Dataset entries:
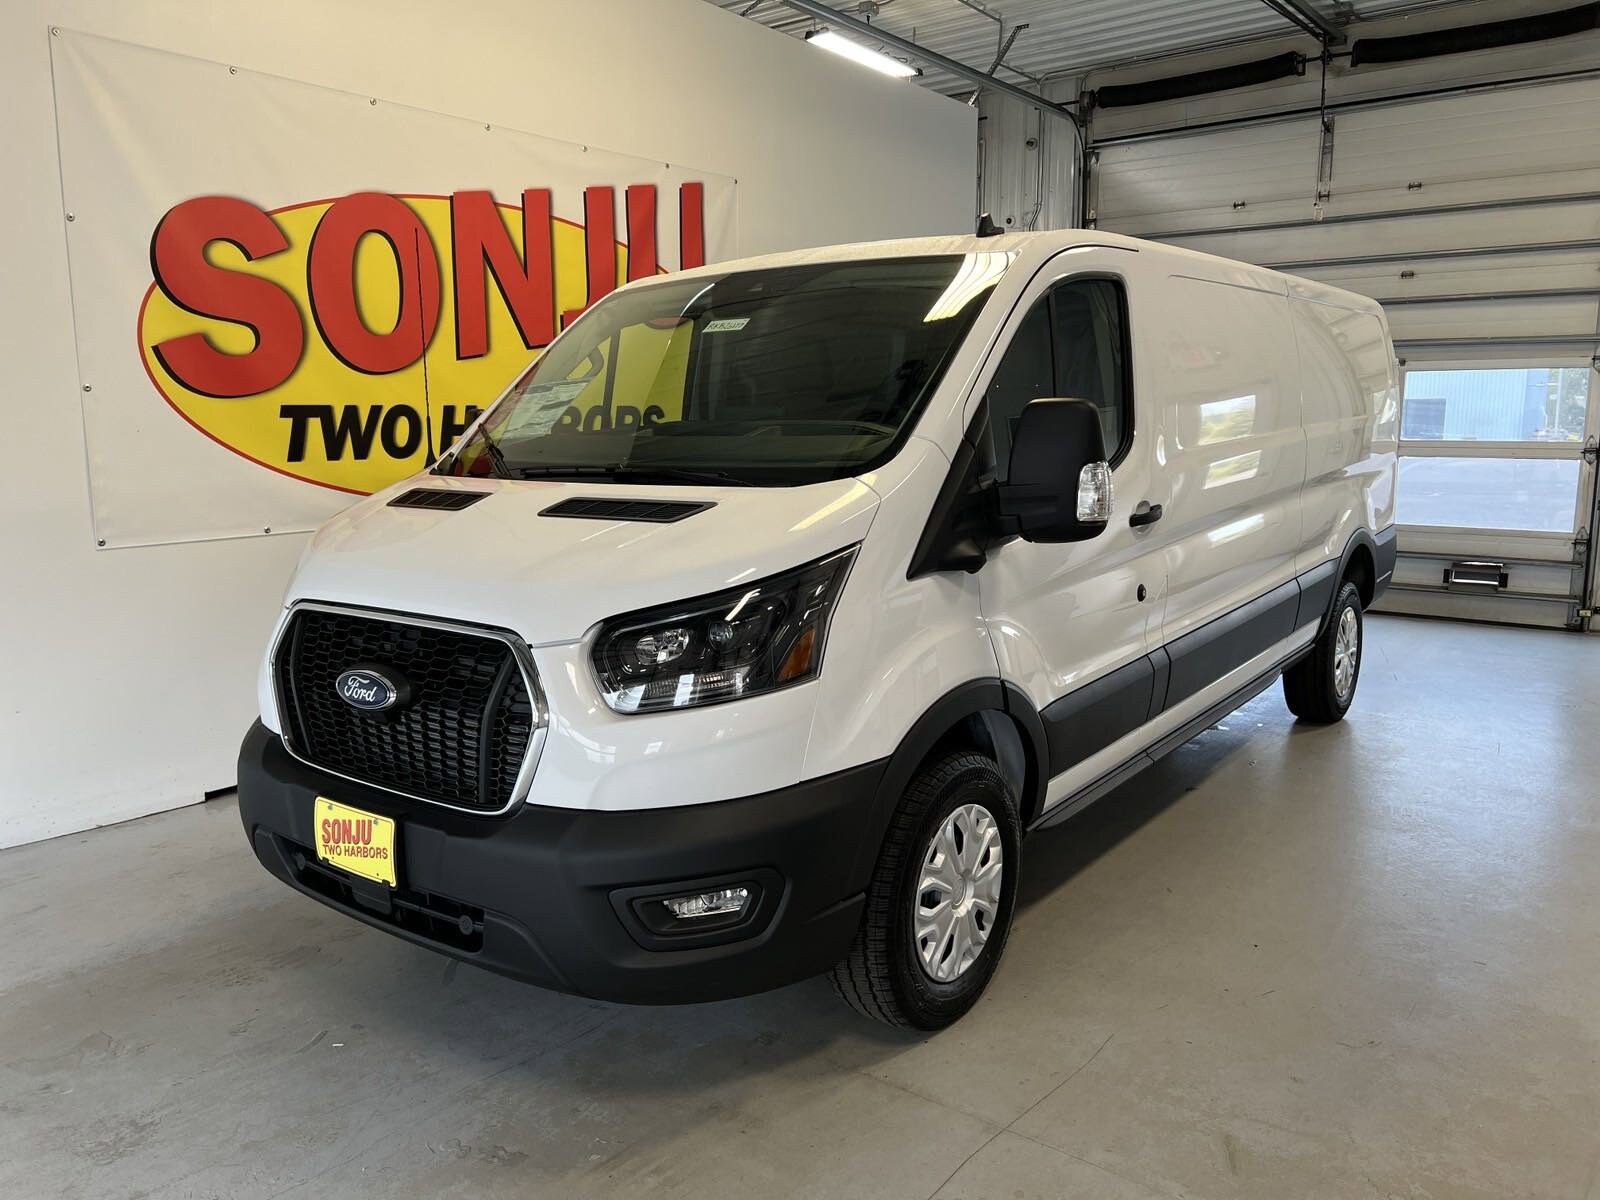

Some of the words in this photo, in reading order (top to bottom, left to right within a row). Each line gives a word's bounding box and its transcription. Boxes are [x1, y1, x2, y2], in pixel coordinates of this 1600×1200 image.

[150, 182, 706, 399] SONJU
[279, 404, 423, 463] TWO
[344, 675, 377, 702] Ford
[321, 818, 372, 845] SONJU
[322, 844, 342, 857] TWO
[344, 845, 389, 860] HARBORS
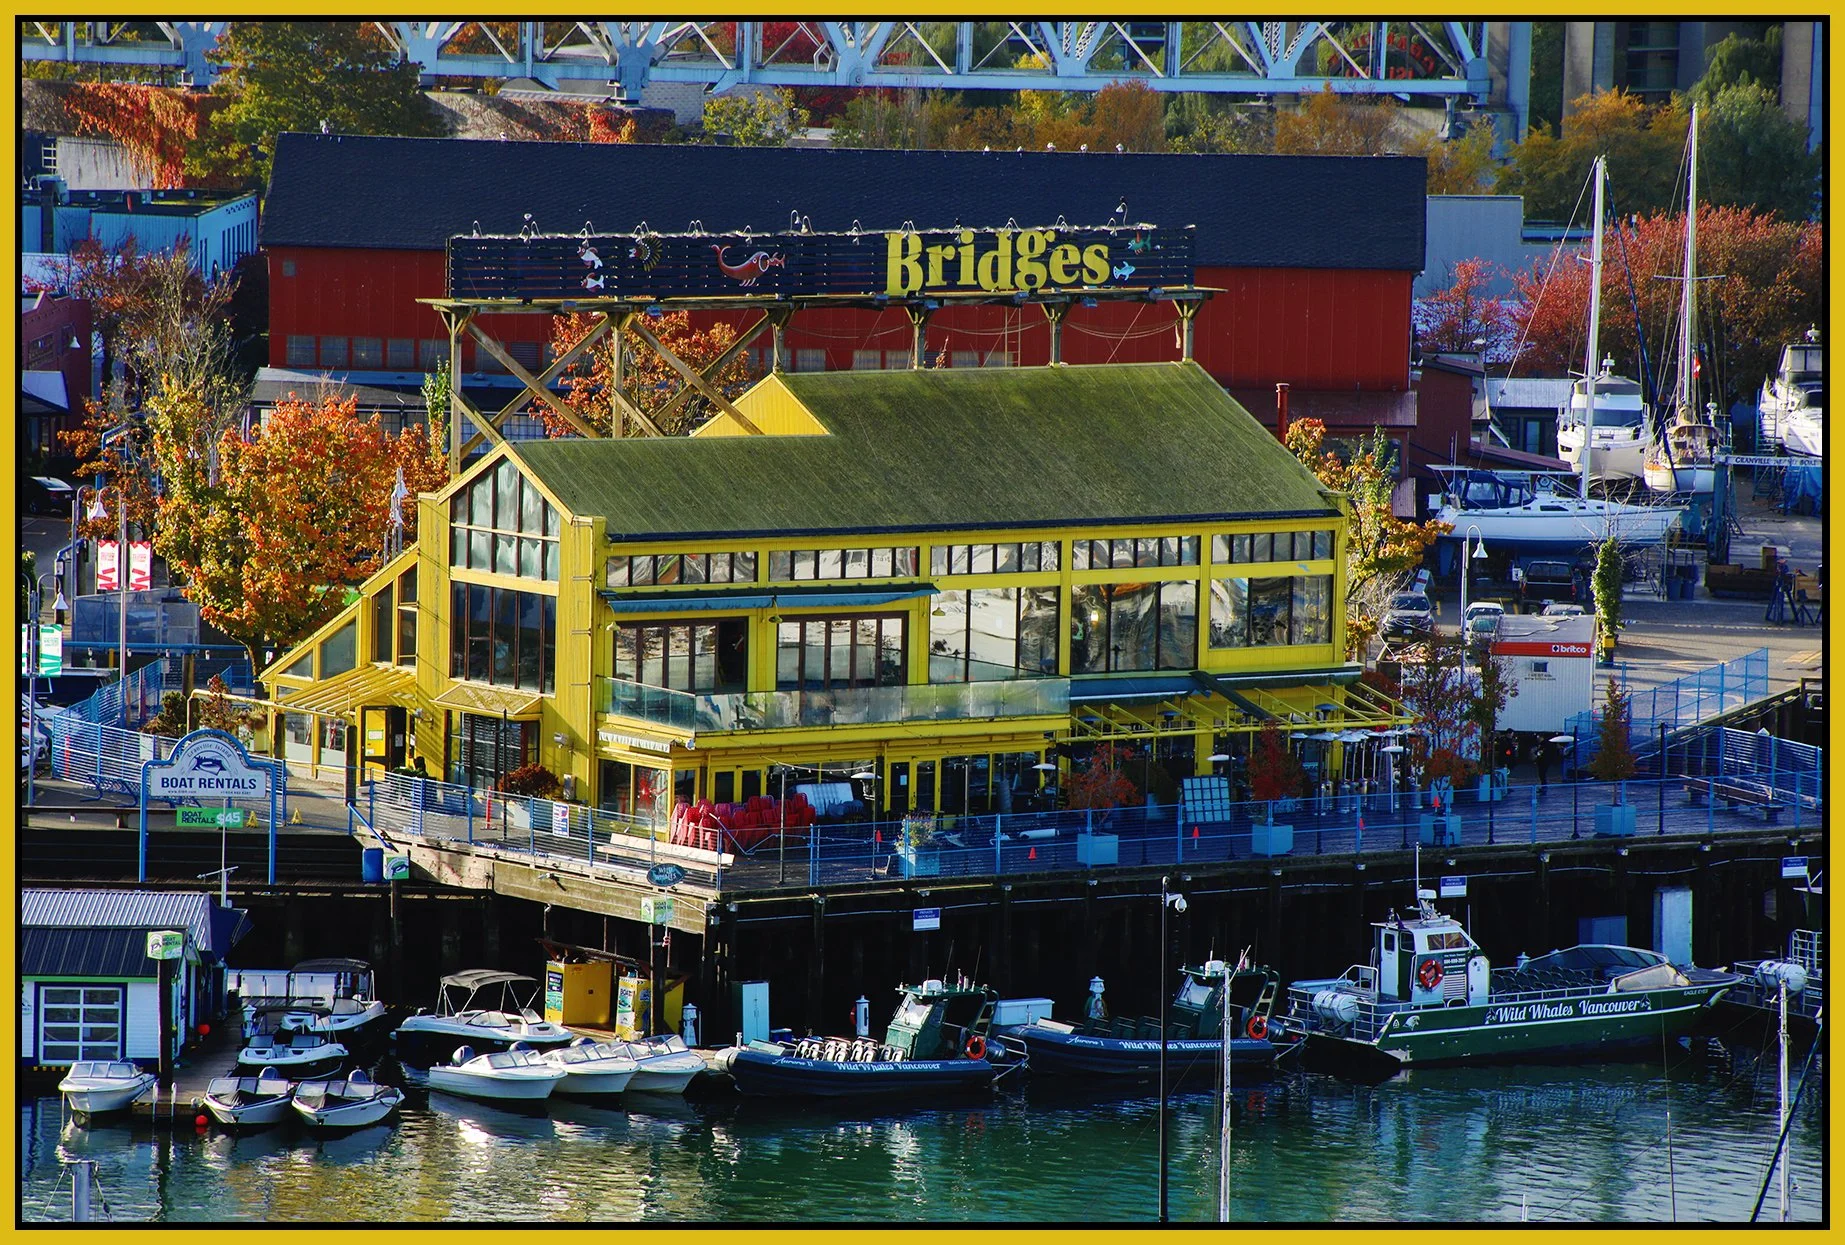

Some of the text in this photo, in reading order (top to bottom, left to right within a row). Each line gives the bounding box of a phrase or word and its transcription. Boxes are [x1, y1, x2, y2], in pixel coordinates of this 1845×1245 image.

> _ABOUT THIS TASK_
Write out the data above precisely. Pictures stay out.

> _ANSWER TO THE EXERCISE_
Some of the words in this photo, in reading order (top to bottom, left to right within a row). Each line gives a word's bounding box and its transcription. Boxes are [x1, y1, x2, y2], in pixel coordinates of this 1600×1200 image.

[150, 182, 706, 399] SONJU
[279, 404, 423, 463] TWO
[344, 675, 377, 702] Ford
[321, 818, 372, 845] SONJU
[322, 844, 342, 857] TWO
[344, 845, 389, 860] HARBORS

Some of the text in this photo, in reading order (top to bottom, left to right within a row). Each line gives the bounding box of a phrase or word and its transcription. Boxes are [x1, y1, x2, y2], in pixel coordinates of this 1845×1245 image.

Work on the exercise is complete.